*INSTRUCTIONS FOR THE TASK*. Exactly the lines from the one holding "this 1280×1707 image." through the last line of the listing below must appear in the answer, and no pictures.

[[ EXERCISE INPUT open ]]

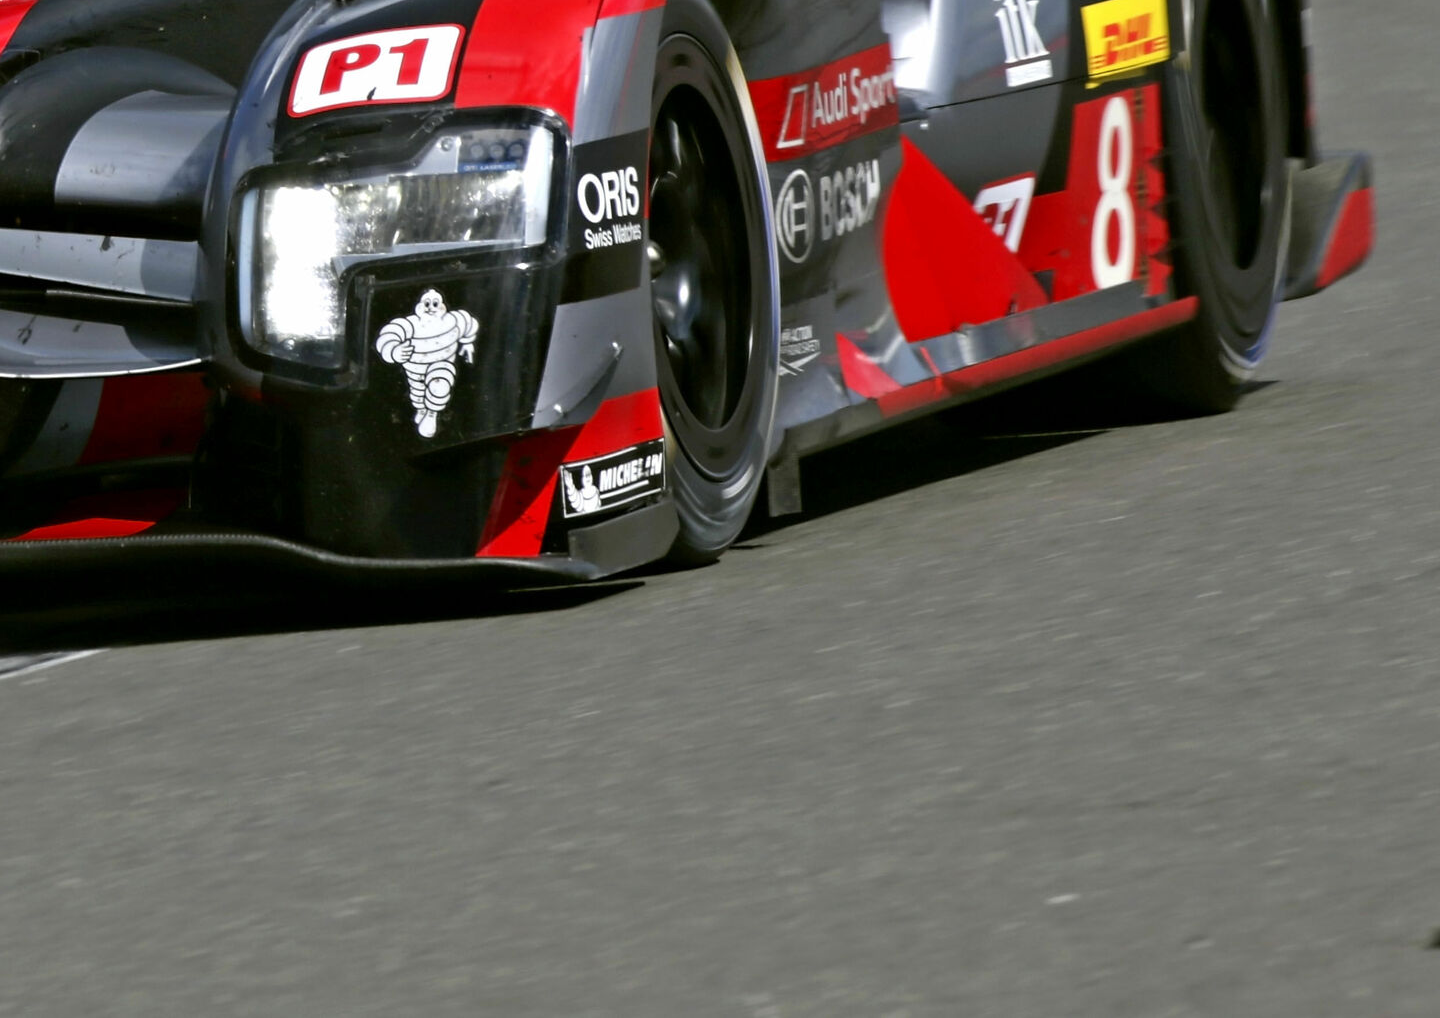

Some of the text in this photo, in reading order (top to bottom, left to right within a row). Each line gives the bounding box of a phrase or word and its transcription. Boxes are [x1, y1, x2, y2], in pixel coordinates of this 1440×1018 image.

[320, 38, 429, 95] P1
[811, 67, 896, 128] Audi Sport
[577, 166, 640, 224] ORIS
[819, 159, 880, 241] BOSCH
[1091, 96, 1136, 290] 8
[584, 222, 642, 250] Swiss Watches
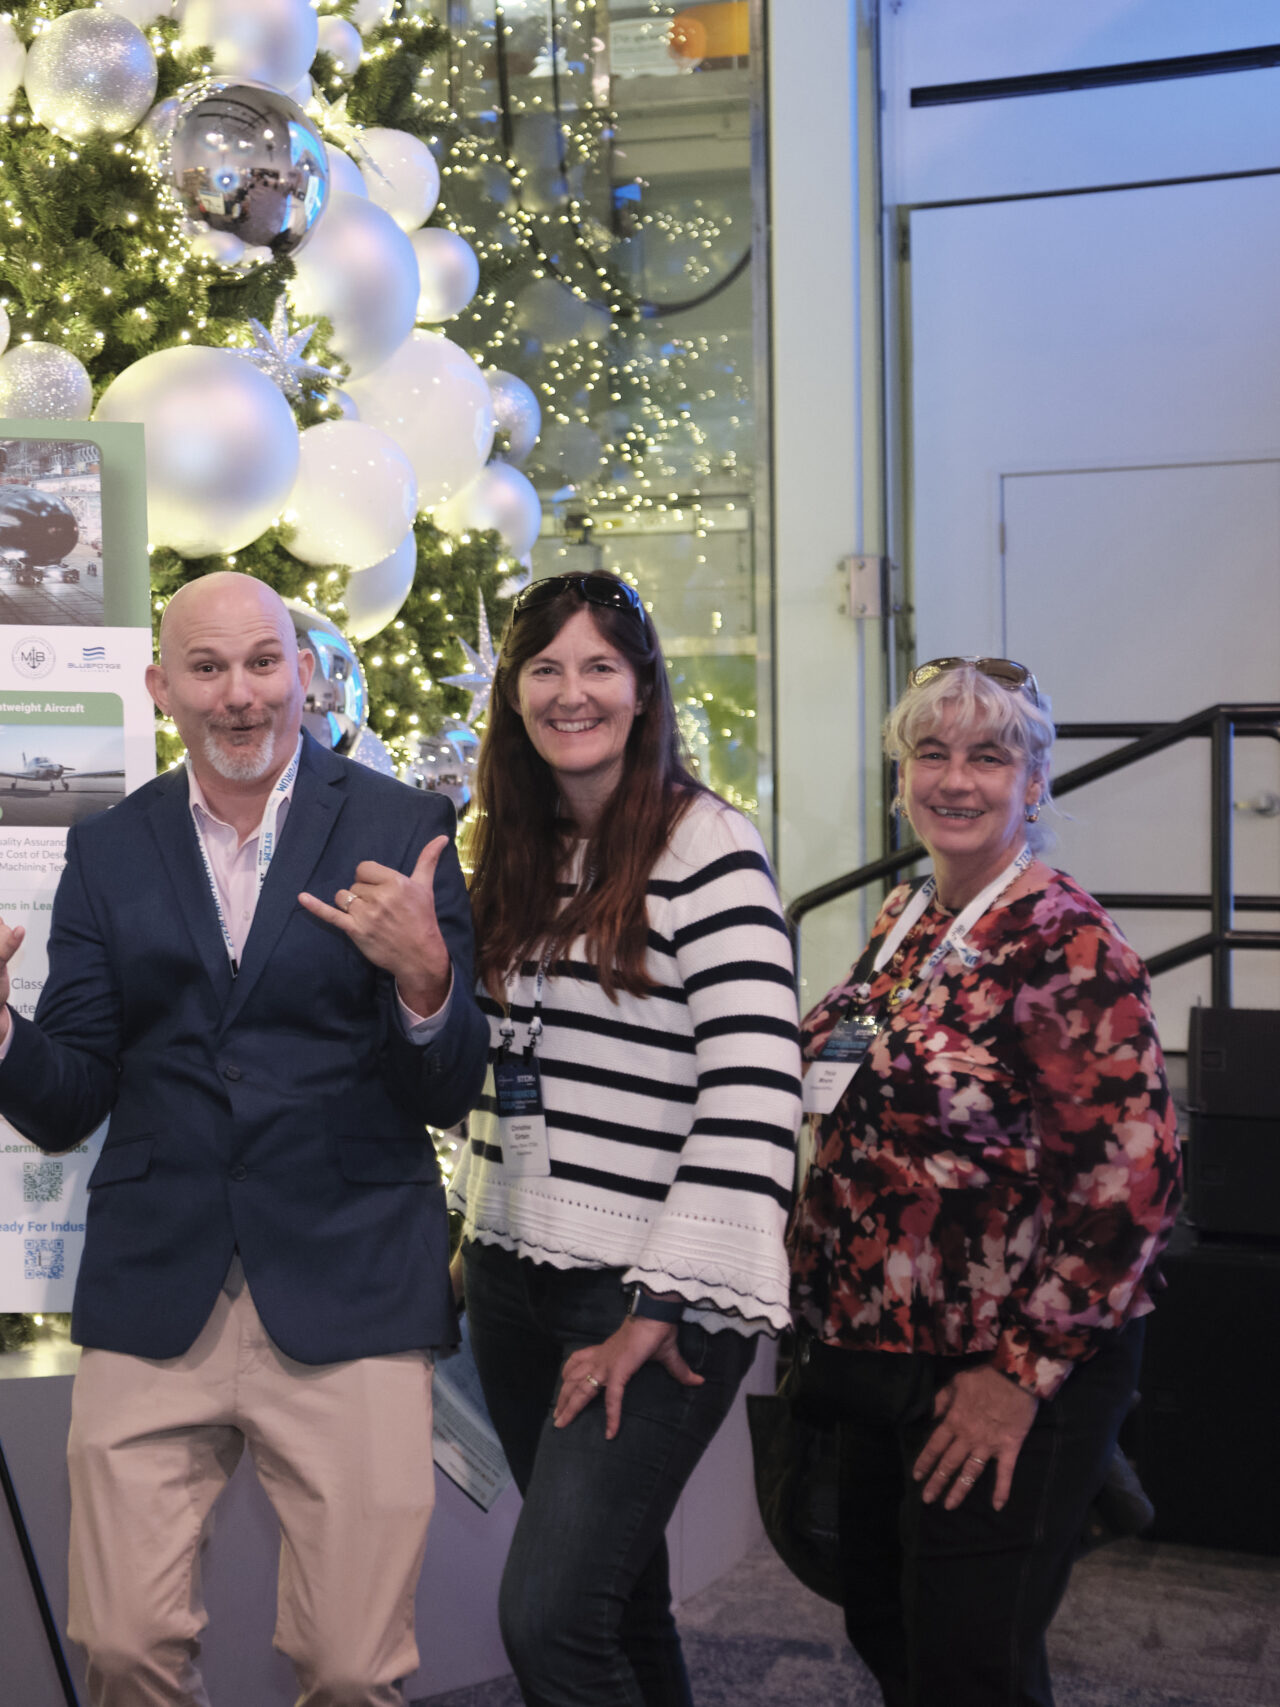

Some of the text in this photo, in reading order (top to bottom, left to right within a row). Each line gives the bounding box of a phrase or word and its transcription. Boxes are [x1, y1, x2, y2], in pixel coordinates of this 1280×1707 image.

[44, 703, 85, 713] Aircraft
[24, 837, 66, 847] Assuranc
[6, 850, 28, 859] Cost
[30, 850, 40, 859] of
[0, 862, 46, 873] Machining
[20, 901, 30, 910] in
[27, 1222, 48, 1232] For
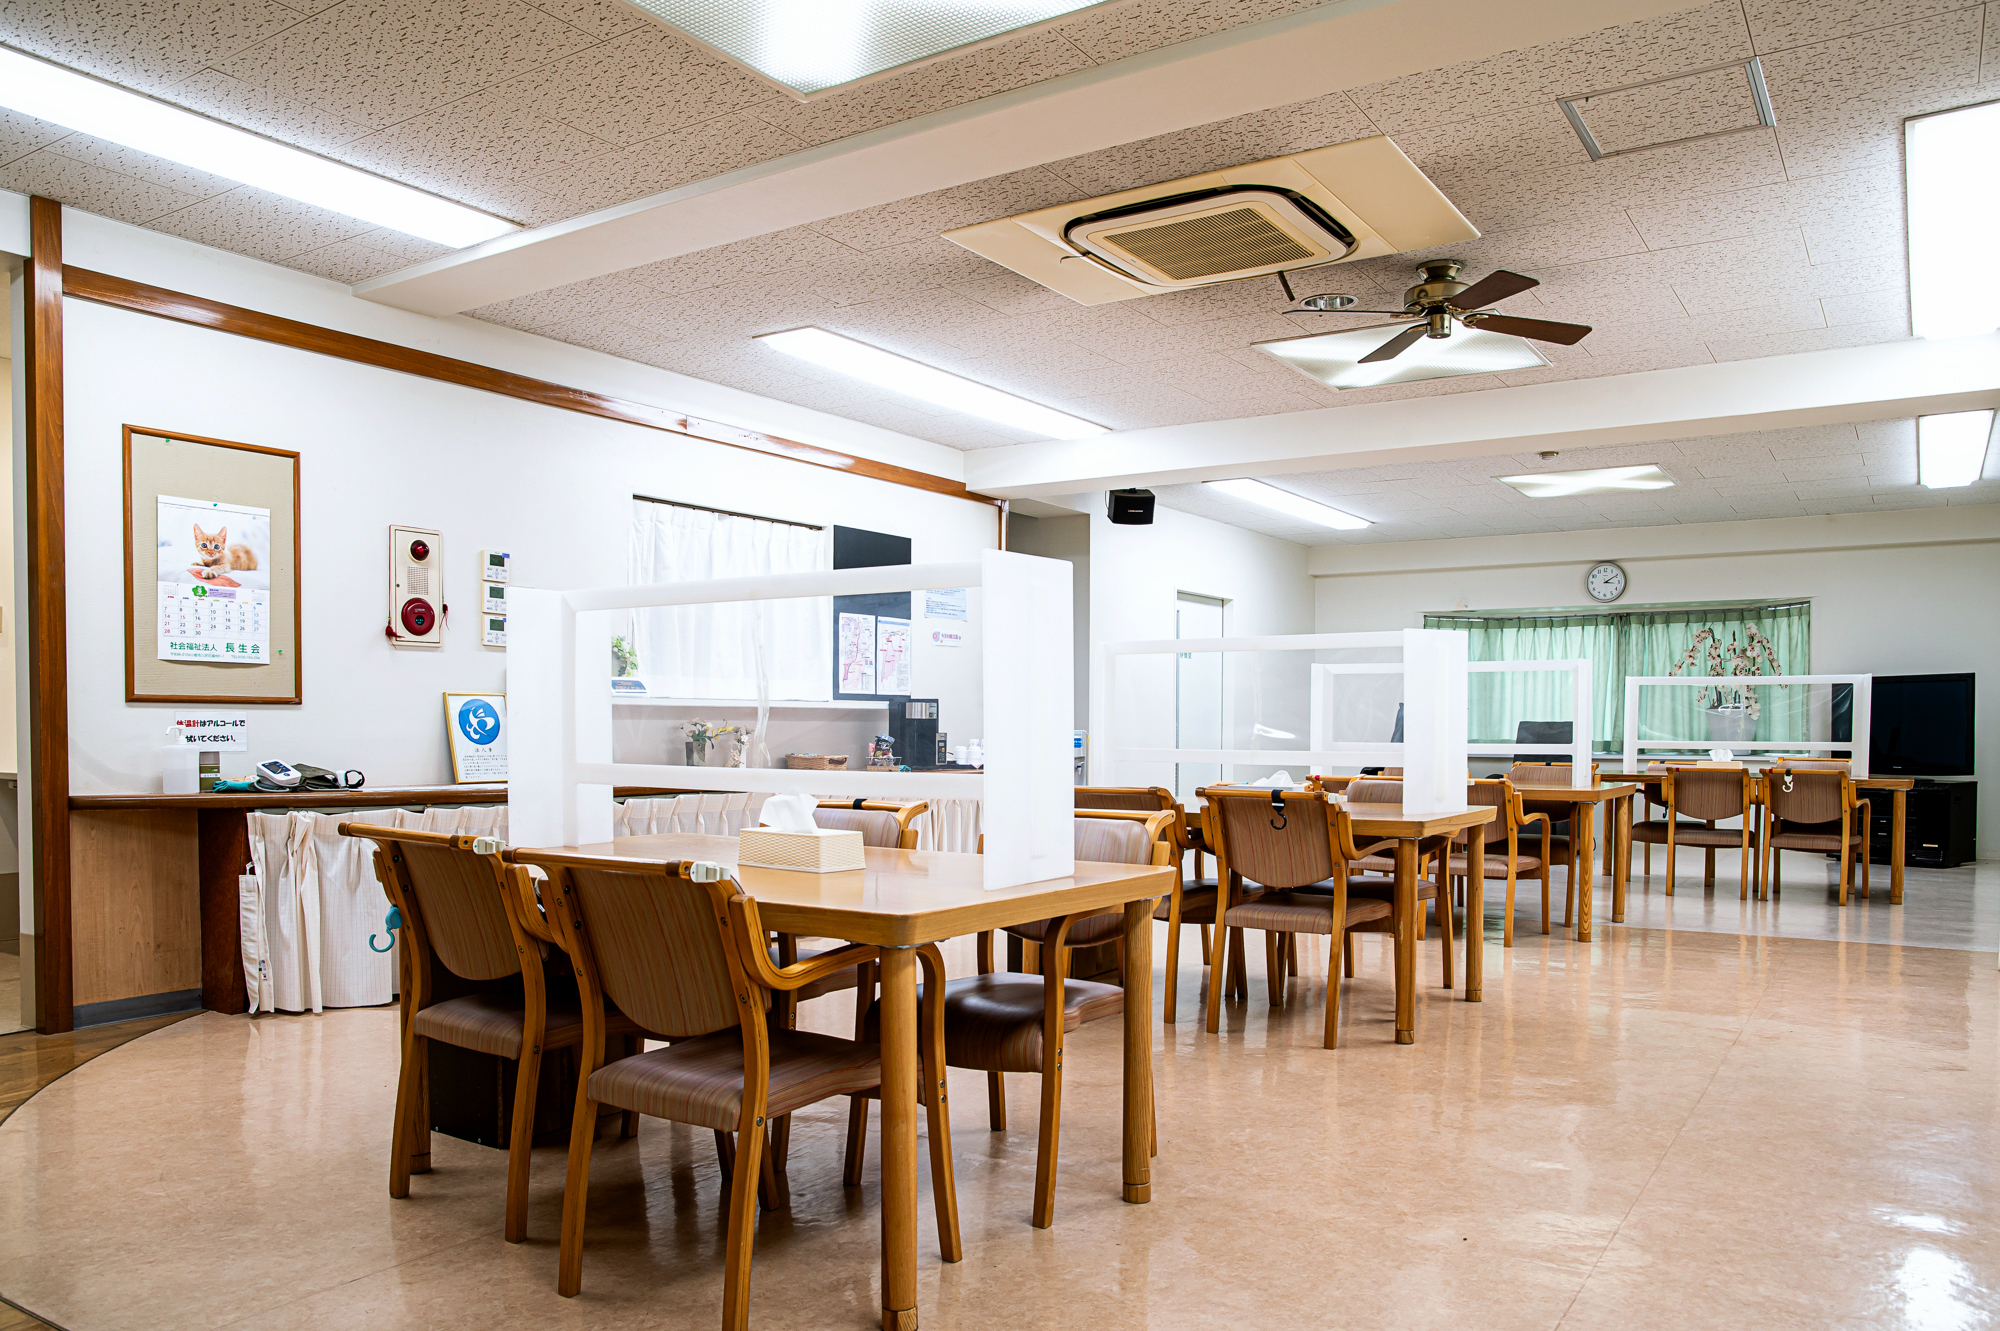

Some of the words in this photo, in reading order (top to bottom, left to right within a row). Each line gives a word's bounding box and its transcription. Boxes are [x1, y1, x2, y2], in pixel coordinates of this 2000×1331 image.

[170, 642, 217, 651] 社会福祉法人
[226, 643, 260, 653] 長生会

[[ EXERCISE INPUT closed ]]

*EXERCISE RESULT*.
Some of the text in this photo, in reading order (top to bottom, left to right within a row). Each line gives the bounding box of a phrase or word and its transcription. Boxes are [x1, y1, x2, y2], in pixel coordinates of this 1280×1707 image.

[44, 703, 85, 713] Aircraft
[24, 837, 66, 847] Assuranc
[6, 850, 28, 859] Cost
[30, 850, 40, 859] of
[0, 862, 46, 873] Machining
[20, 901, 30, 910] in
[27, 1222, 48, 1232] For

Some of the words in this photo, in reading order (top to bottom, left to right within a row). Each line gives a word's bounding box and its transcription. Boxes are [x1, y1, x2, y2], in pixel coordinates of this 2000×1331 image.

[170, 642, 217, 651] 社会福祉法人
[226, 643, 260, 653] 長生会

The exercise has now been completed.